Vallée de la Loire, novembre 1565

Chauncey était allongé sur les rives verdoyantes de la Loire en compagnie d'une paysanne lorsque l'orage éclata. Ayant laissé sa monture s'ébrouer dans la prairie, il devrait regagner le château à

pied. Il arracha la boucle d'argent de l'un de ses souliers et la tendit à la jeune fille, avant de la regarder s'éloigner, le jupon maculé de boue. Il chaussa ses bottes et se mit en route.

Les environs s'assombrirent brusquement et un rideau de pluie s'abattit sur la campagne. Une fois qu'il eut regagné le cimetière, Chauncey enjamba habilement les tombes envahies par les ronces et les lichens. De là, même dans le brouillard le plus

épais, il aurait pu retrouver son chemin sans crainte de s'égarer. La brume ne s'était pas levée ce soir-là, mais la pénombre et le déluge étaient suffisamment trompeurs.

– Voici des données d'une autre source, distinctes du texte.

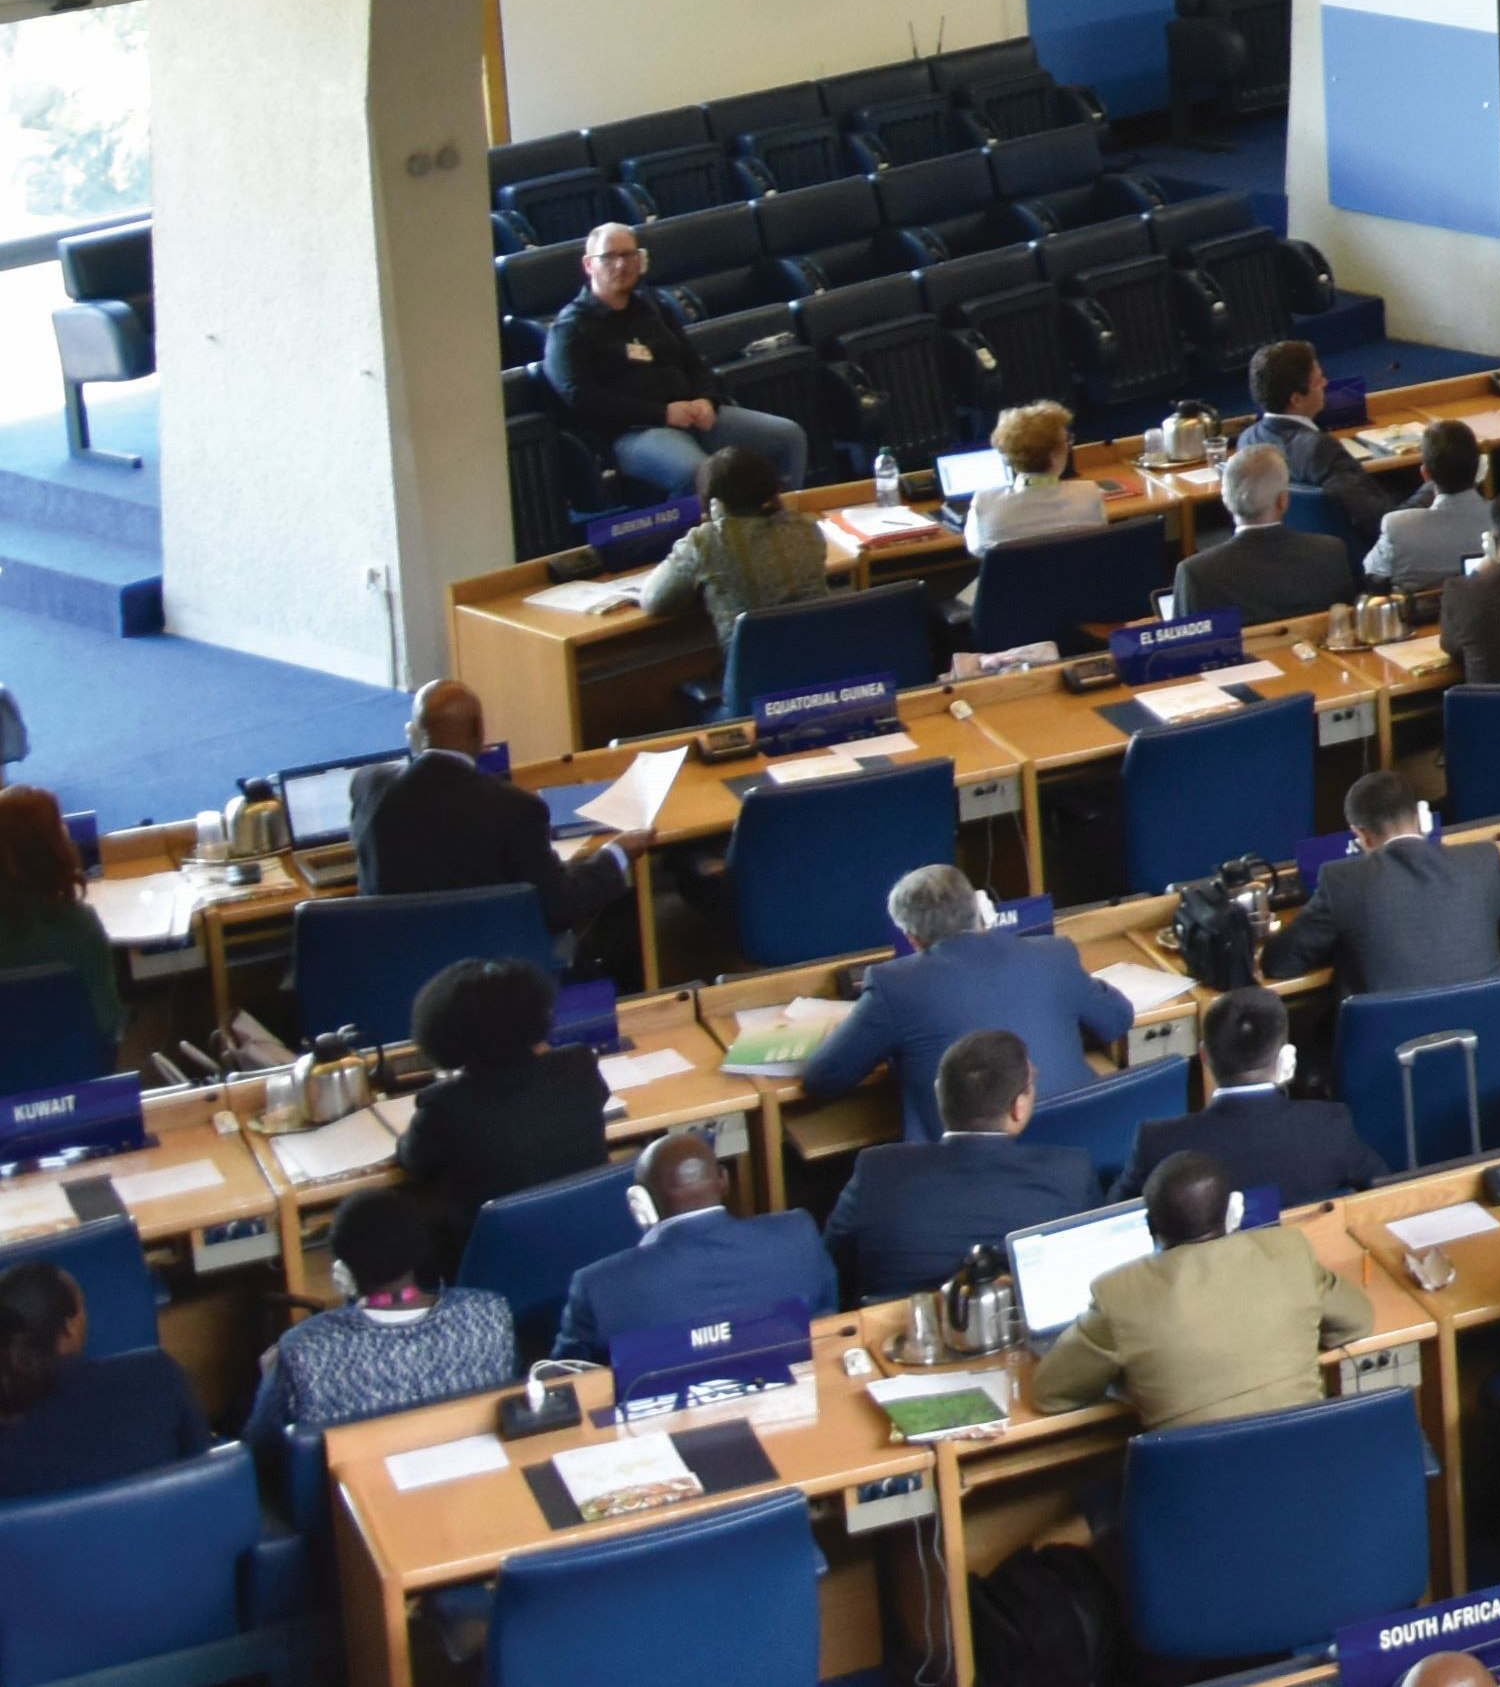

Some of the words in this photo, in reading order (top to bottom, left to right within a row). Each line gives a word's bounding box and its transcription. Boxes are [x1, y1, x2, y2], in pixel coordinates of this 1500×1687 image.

Chauncey perçut un mouvement sur sa gauche et se retourna vivement. Une ombre, qu'il avait d'abord prise pour la statue d'un ange, se dressa de toute sa hauteur. Mais la silhouette, qui n'était faite ni de marbre ni de pierre, remuait bel et bien.

Torse et pieds nus, le jeune homme était vêtu d'un pantalon grossier qui lui tombait sur les hanches. Il sauta au bas du mausolée. La pluie ruisselait sur ses cheveux noirs et sur son visage, sombre comme celui d'un Ibère.

Chauncey porta lentement sa main à son fourreau.

—Qui va là ?

Un sourire se dessina sur les lèvres du garçon.

—On ne se joue pas impunément du duc de

Langeais, l'avertit Chauncey. Je t'ai demandé ton nom. Réponds !

—Un duc? répéta l'inconnu en s'adossant au tronc noueux d'un saule. Ou un bâtard ?

Chauncey dégaina son épée.

—Retire immédiatement tes paroles. Mon père

était le duc de Langeais. Et... je suis le duc, à

présent, bafouilla- t-il, maudissant l'hésitation dans sa voix.

—Ton père n'était pas le vieux duc, répliqua l'autre en secouant la tête.

—Et peut-on savoir qui était ton père? Rétorqua

Chauncey, piqué au vif, l'arme au poing.

Il n'avait pas encore mémorisé le nom de chacun de ses vassaux, mais il ne risquait pas d'oublier celui-ci.

—Je te le demande une dernière fois, prévint-il d'une voix grave, essuyant d'un revers de la main la pluie sur son visage, qui es-tu ?

Le jeune homme s'approcha et écarta la lame.

Il parut soudain bien plus âgé que Chauncey ne l'aurait cru ; peut- être même avait-il un an ou deux de plus que lui.

—Un rejeton du Malin.

L'angoisse saisit Chauncey au ventre et il siffla :

—Tu n'es qu'un dément. Ote-toi de mon chemin.

Le sol sembla alors se dérober sous ses pieds.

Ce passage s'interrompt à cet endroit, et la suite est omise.